Vienna re-opens – with one big difference

On May 15, restaurants, cafes and bars in my home city of Vienna were allowed to open again, between 7 a.m. and 11 p.m. All the shops had opened one or two weeks earlier. I was eager to be able to eat out again and not to have to prepare breakfast and to cook other meals.

As I expected, many people were thinking the same. I made reservations at a restaurant for Saturday, but it turned out that it had not been necessary. There were a lot of tables available. There were a lot of people in the pedestrian zone in the city center, but much less than usually. Cafes were filled, but there were no queues. Overall I had the impression that people were quite hesitant. Entering shops with face masks and waiters serving you with face masks just makes you feel a bit uncomfortable.

A statue in Vienna's Michaelerplatz | Massimo Mastropietro via Flickr
A statue in Vienna’s Michaelerplatz | Massimo Mastropietro via Flickr

The reaction from the operators of the restaurants and cafes supports this impression. There were many fewer guests than I expected. Especially in the city center, the tourists are missing. What we as locals almost feel as a pain sometimes – over-tourism was a big topic last year! – is now missing.

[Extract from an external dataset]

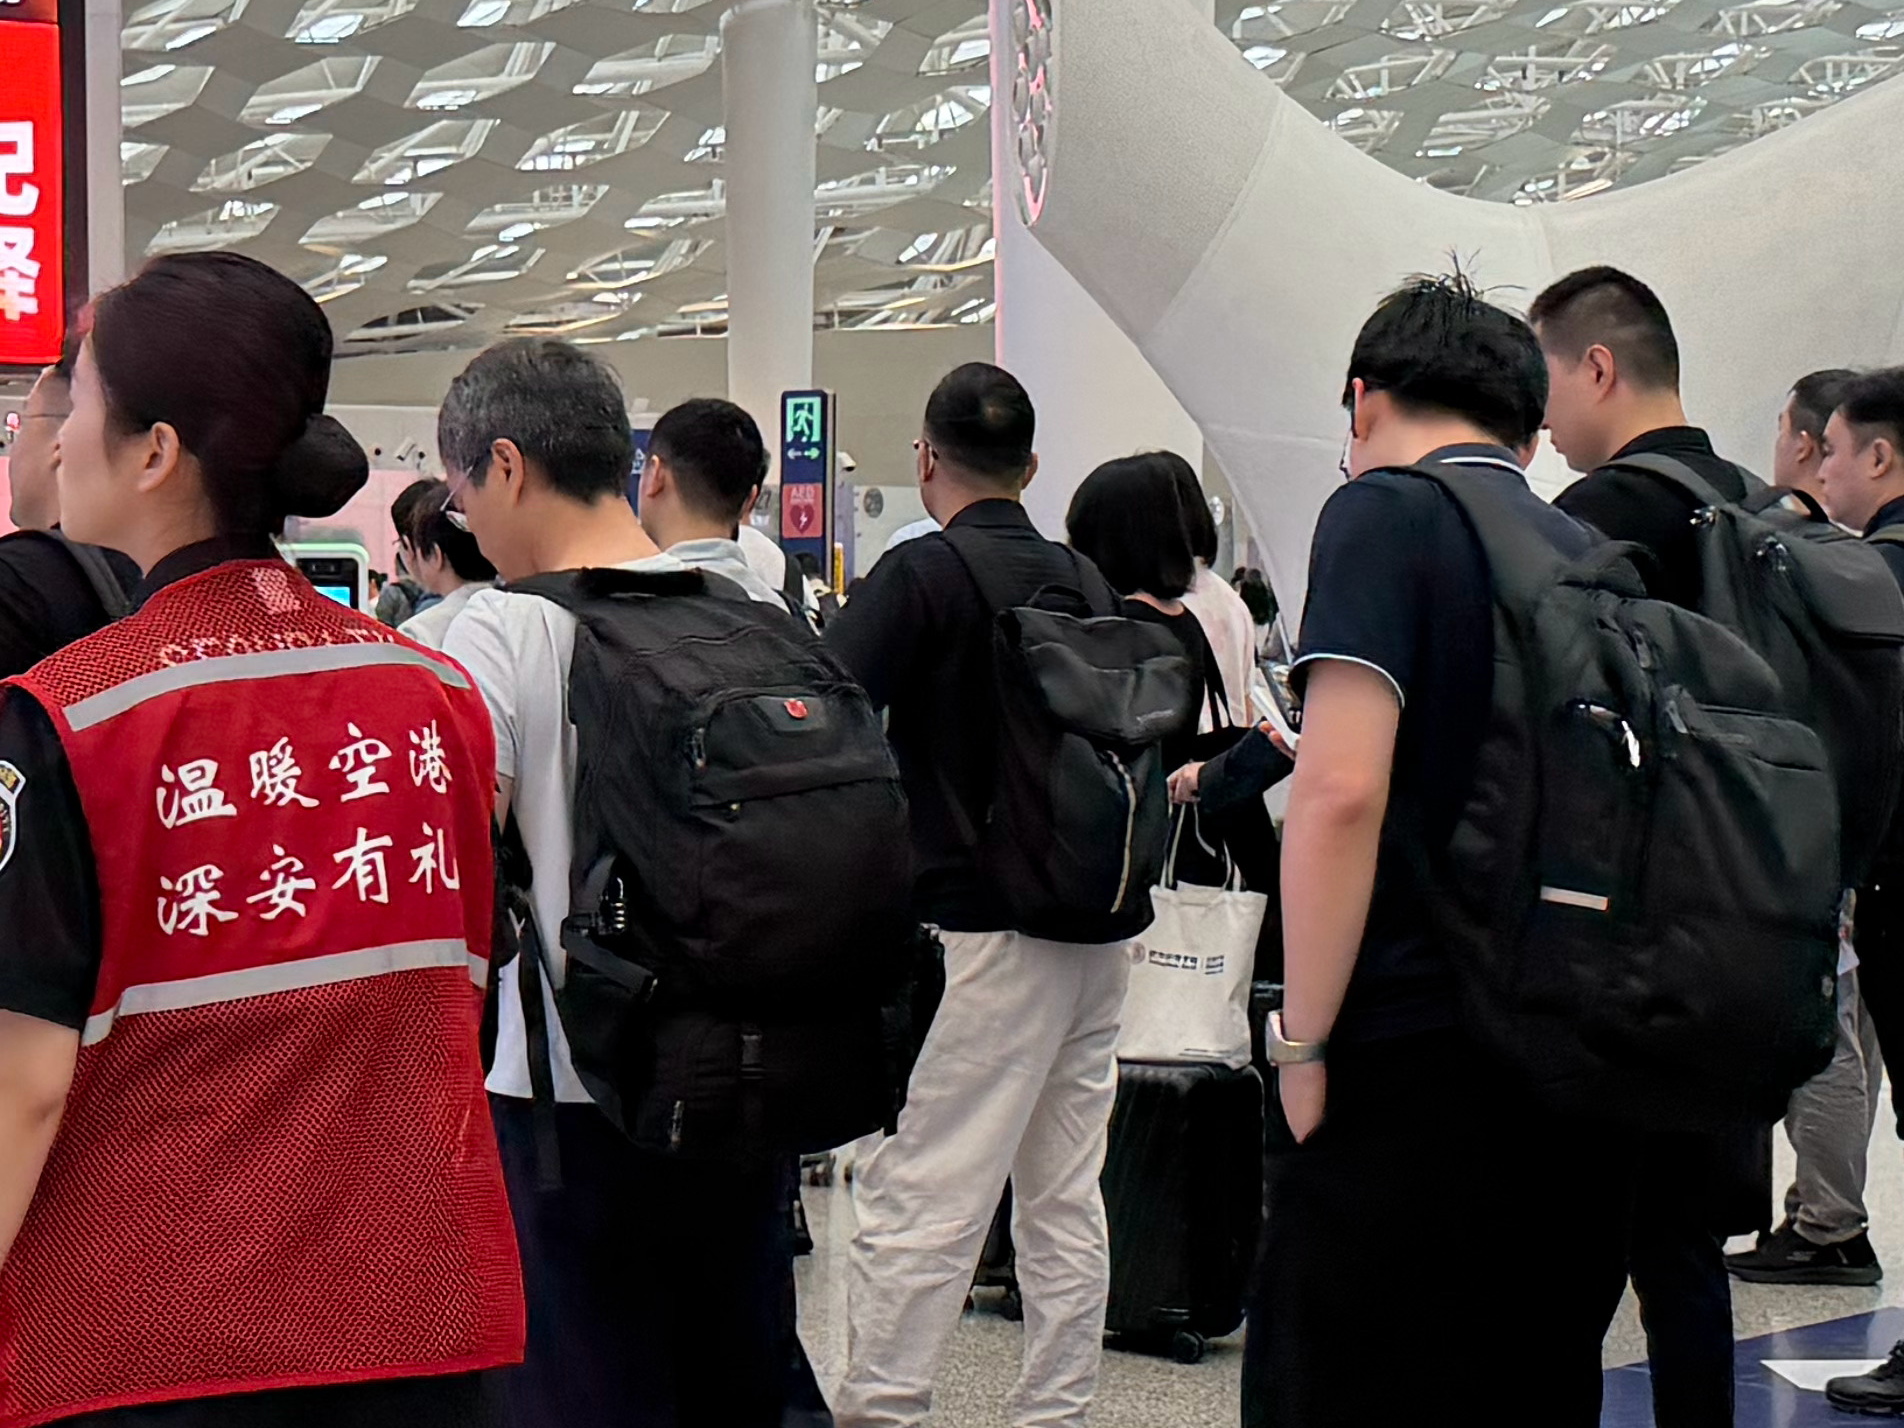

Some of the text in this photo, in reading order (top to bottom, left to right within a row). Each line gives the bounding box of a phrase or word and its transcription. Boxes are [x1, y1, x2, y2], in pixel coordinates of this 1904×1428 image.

[154, 718, 455, 830] 温暖空港
[156, 821, 461, 937] 深安有礼

In Vienna, as a city of roughly 2 million inhabitants and some 17.5 million bed nights per year, tourists are a major factor for business but also for the atmosphere in the city as a whole. As 80% of the tourists come from outside Austria, this will not change quickly. Tourism in Vienna and Austria depends on the developments around travel restrictions in the next weeks and months. However, even if the borders are open again and flights are available, people will remain hesitant to travel.

On May 29, hotels will be allowed to open again, but in Vienna less than 50% will open at that point. The others will stay closed. Even some restaurant operators have said that they are thinking about closing again or at least reducing the days and times they are open.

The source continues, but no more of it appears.